Please copy the entries below word for word, leaving out any image.
Segment Open
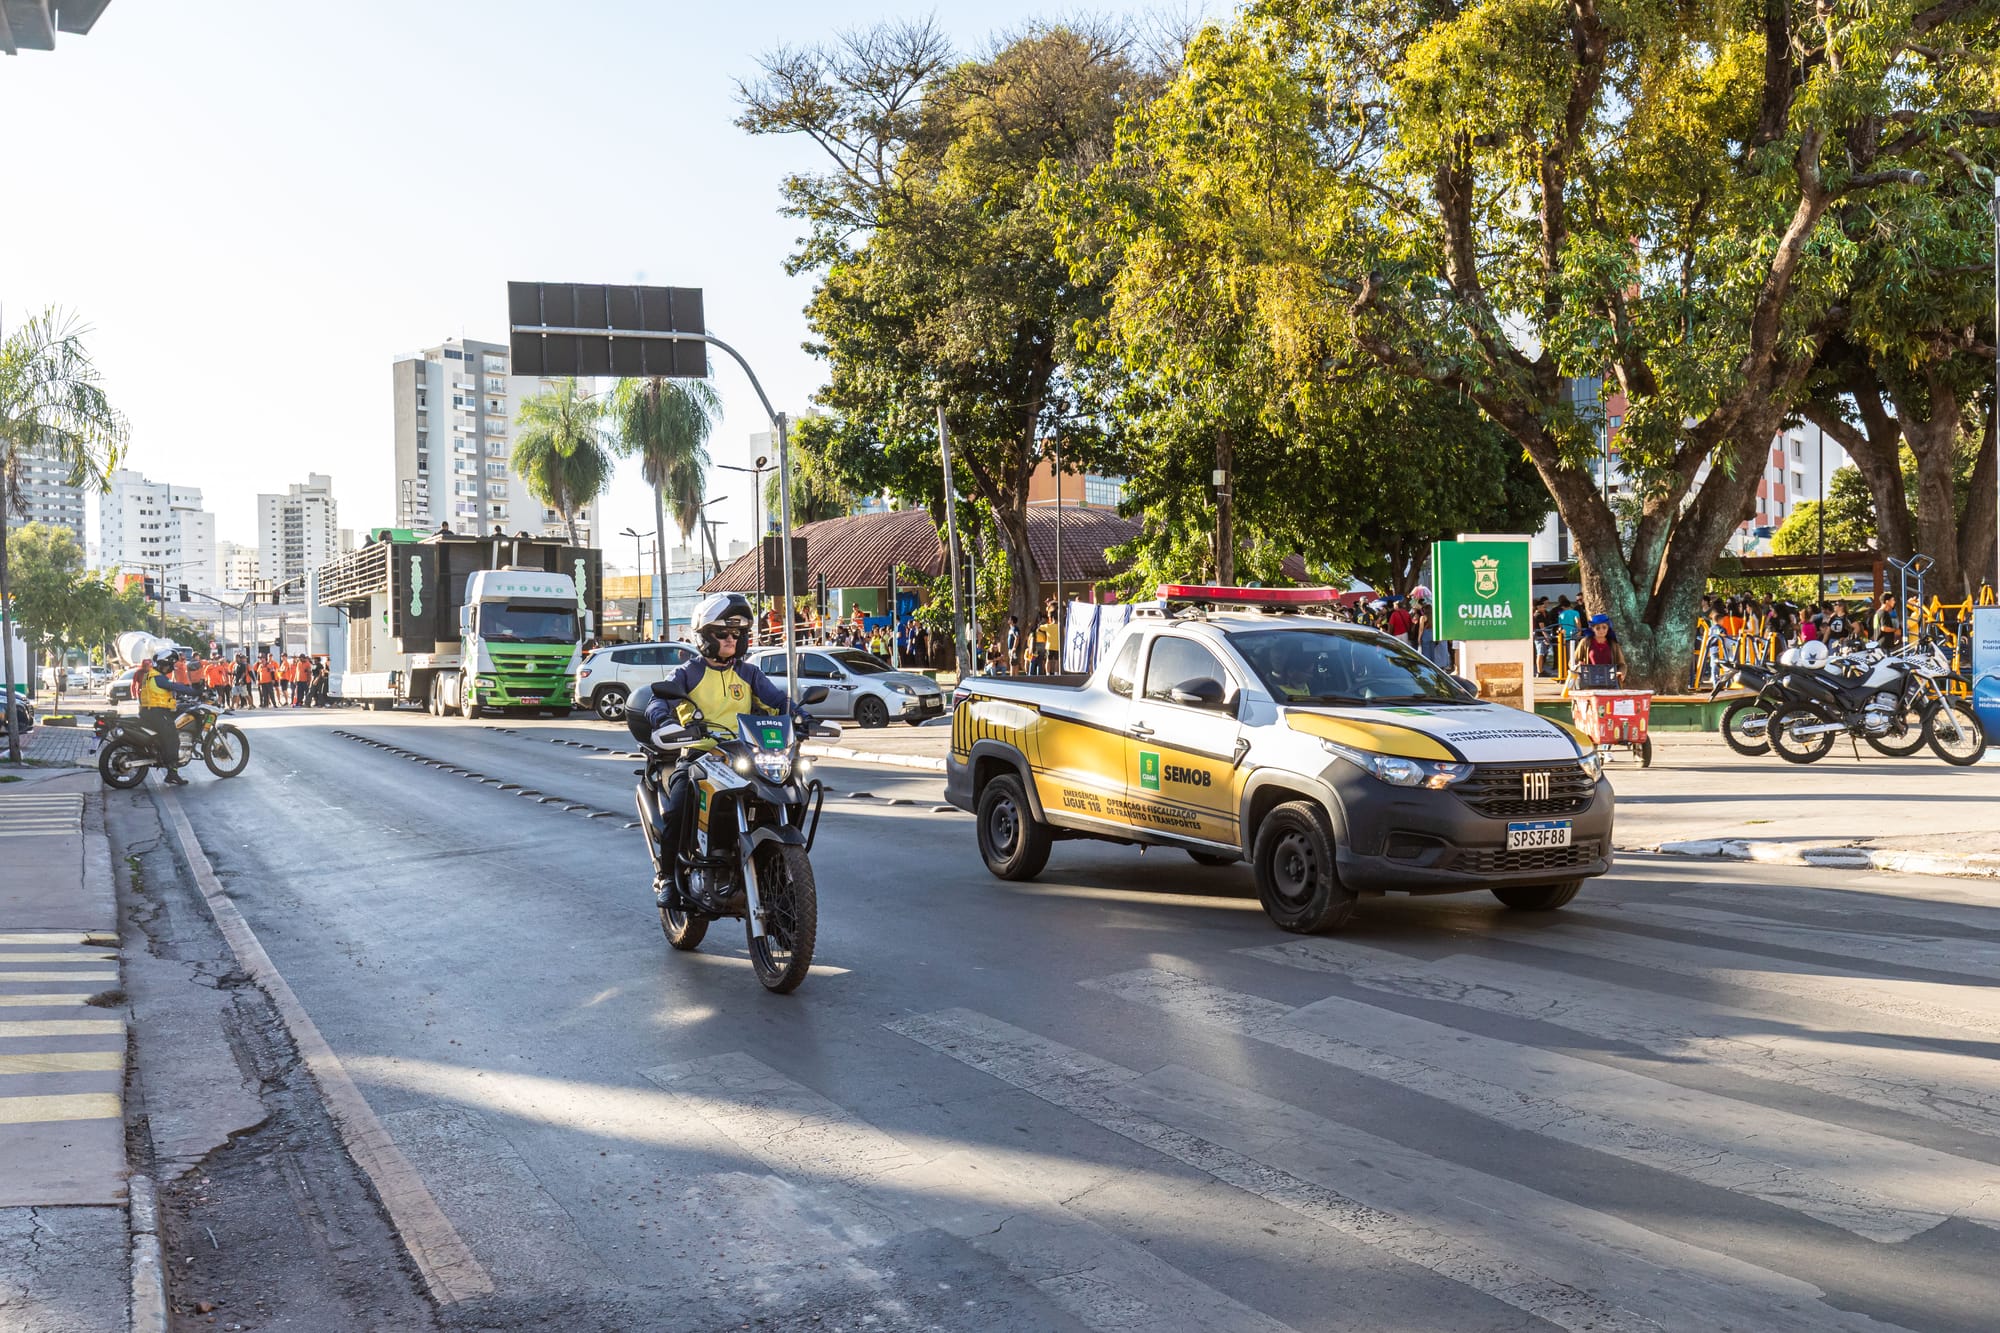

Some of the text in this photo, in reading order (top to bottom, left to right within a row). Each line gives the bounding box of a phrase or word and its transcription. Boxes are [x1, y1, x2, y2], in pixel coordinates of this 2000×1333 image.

[496, 585, 564, 594] TROVÃO
[1458, 601, 1512, 619] CUIABÁ
[1446, 729, 1489, 737] OPERAÇÃO
[1463, 733, 1501, 741] TRÂNSITO
[1164, 765, 1211, 787] SEMOB
[1063, 789, 1099, 801] EMERGÊNCIA
[1523, 773, 1551, 800] FIAT
[1063, 797, 1101, 813] LIGUE 118
[1107, 798, 1141, 812] OPERAÇÃO
[1147, 805, 1197, 820] FISCALIZAÇÃO
[1107, 807, 1115, 815] DE
[1116, 808, 1147, 822] TRÂNSITO
[1152, 815, 1202, 831] TRANSPORTES
[1513, 829, 1565, 847] SPS3F88
Segment Closed
_EXERCISE SOLUTION_
Some of the text in this photo, in reading order (top to bottom, left to right within a row). Each line gives the bounding box of a phrase or word and its transcription. Boxes are [x1, y1, x2, y2], in pixel coordinates of this 2000×1333 image.

[496, 585, 564, 594] TROVÃO
[1458, 601, 1512, 619] CUIABÁ
[1446, 729, 1489, 737] OPERAÇÃO
[1463, 733, 1501, 741] TRÂNSITO
[1164, 765, 1211, 787] SEMOB
[1063, 789, 1099, 801] EMERGÊNCIA
[1523, 773, 1551, 800] FIAT
[1063, 797, 1101, 813] LIGUE 118
[1107, 798, 1141, 812] OPERAÇÃO
[1147, 805, 1197, 820] FISCALIZAÇÃO
[1107, 807, 1115, 815] DE
[1116, 808, 1147, 822] TRÂNSITO
[1152, 815, 1202, 831] TRANSPORTES
[1513, 829, 1565, 847] SPS3F88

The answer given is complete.